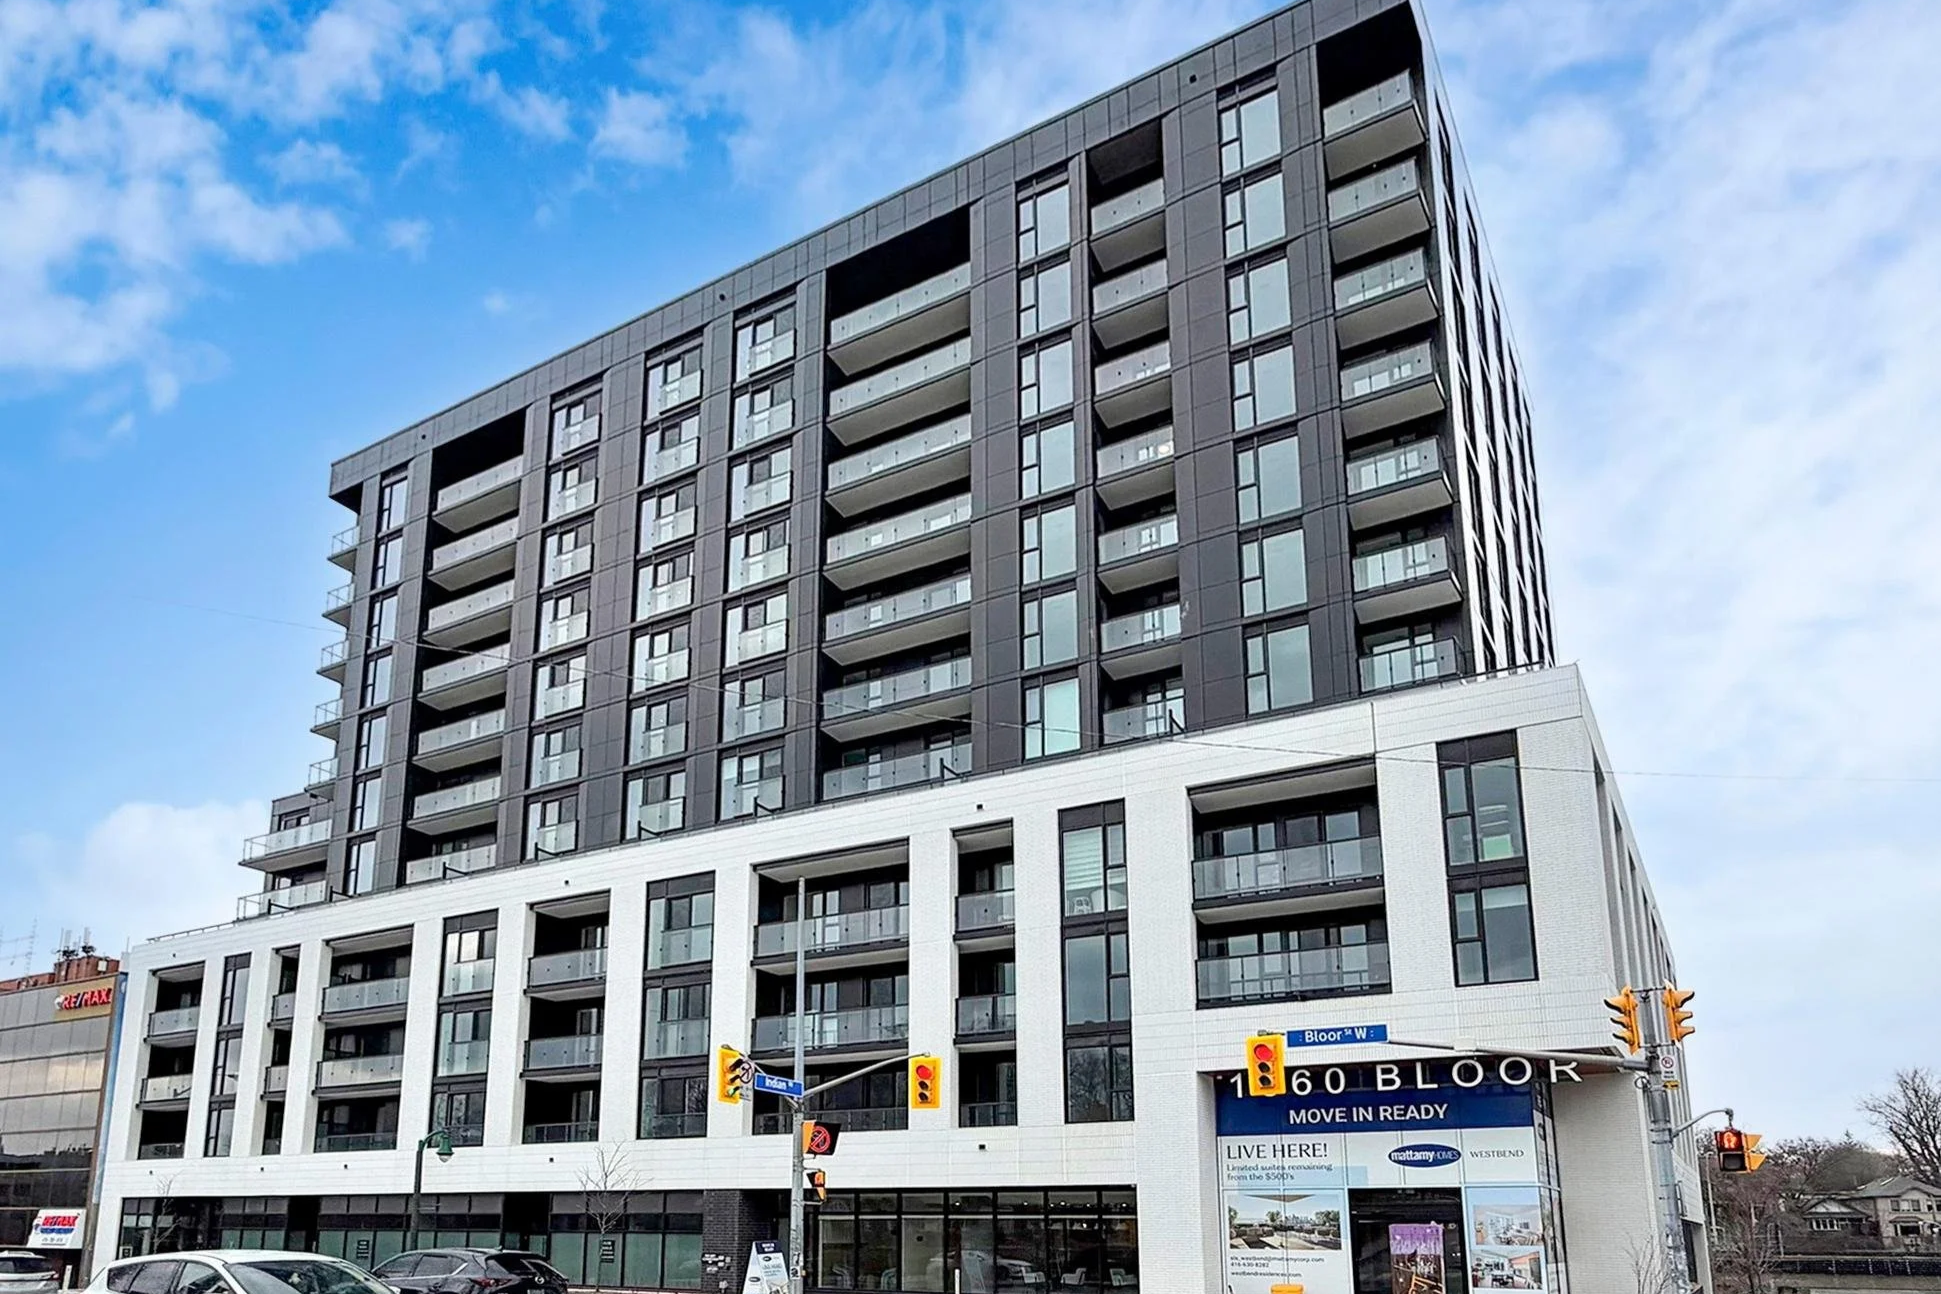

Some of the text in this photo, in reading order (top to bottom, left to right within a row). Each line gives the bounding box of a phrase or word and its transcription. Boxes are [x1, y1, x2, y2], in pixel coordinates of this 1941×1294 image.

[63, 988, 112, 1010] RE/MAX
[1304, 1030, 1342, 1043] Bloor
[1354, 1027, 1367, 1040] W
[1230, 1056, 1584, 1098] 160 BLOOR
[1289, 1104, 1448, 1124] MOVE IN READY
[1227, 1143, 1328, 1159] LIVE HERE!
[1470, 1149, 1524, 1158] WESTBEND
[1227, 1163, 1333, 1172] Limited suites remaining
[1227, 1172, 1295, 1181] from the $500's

━━━━

Send back every line of the listing exactly. Omit the images.

#### [Reply to the exercise]
Some of the text in this photo, in reading order (top to bottom, left to right within a row). Each line gives the bounding box of a phrase or word and its transcription. Boxes are [x1, y1, x2, y2], in pixel coordinates of this 1941×1294 image.

[63, 988, 112, 1010] RE/MAX
[1304, 1030, 1342, 1043] Bloor
[1354, 1027, 1367, 1040] W
[1230, 1056, 1584, 1098] 160 BLOOR
[1289, 1104, 1448, 1124] MOVE IN READY
[1227, 1143, 1328, 1159] LIVE HERE!
[1470, 1149, 1524, 1158] WESTBEND
[1227, 1163, 1333, 1172] Limited suites remaining
[1227, 1172, 1295, 1181] from the $500's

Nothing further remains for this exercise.